What is needed is the full listing written out exactly, minus the pictures.

....

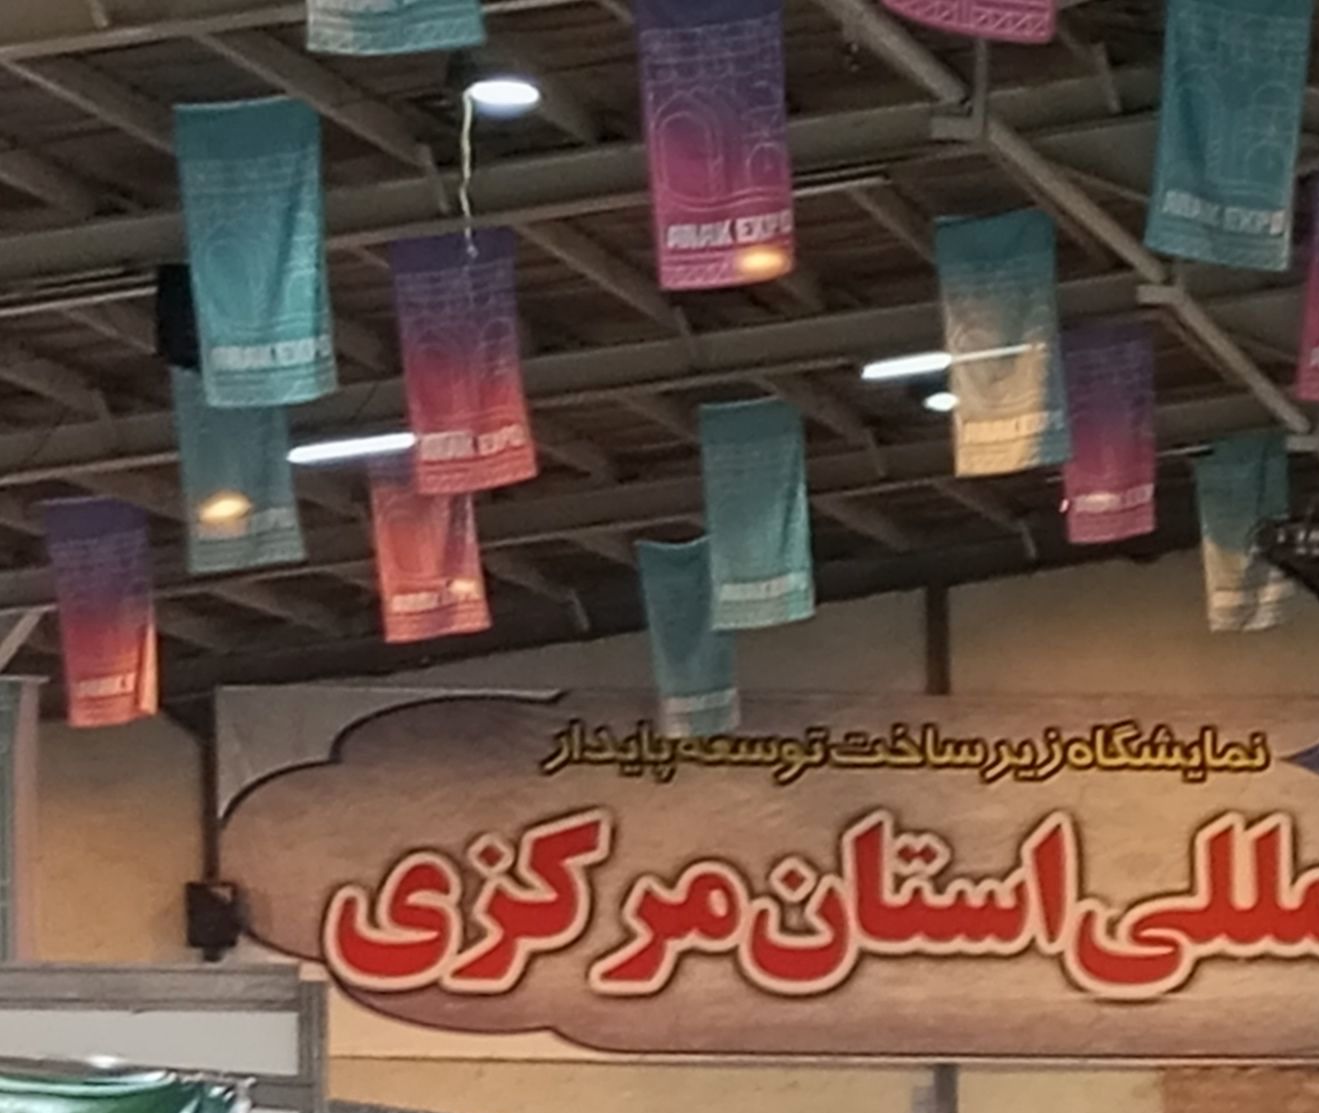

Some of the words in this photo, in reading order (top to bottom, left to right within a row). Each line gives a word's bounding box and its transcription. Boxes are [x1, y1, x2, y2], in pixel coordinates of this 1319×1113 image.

[539, 719, 677, 784] پایدار
[676, 726, 830, 786] توسعه
[1066, 720, 1271, 784] نمایشگاه
[324, 805, 748, 994] مرکزی
[742, 808, 1076, 994] استان

....

*The completed task*
Some of the words in this photo, in reading order (top to bottom, left to right within a row). Each line gives a word's bounding box and its transcription. Boxes are [x1, y1, x2, y2], in pixel coordinates of this 1319×1113 image.

[539, 719, 677, 784] پایدار
[676, 726, 830, 786] توسعه
[1066, 720, 1271, 784] نمایشگاه
[324, 805, 748, 994] مرکزی
[742, 808, 1076, 994] استان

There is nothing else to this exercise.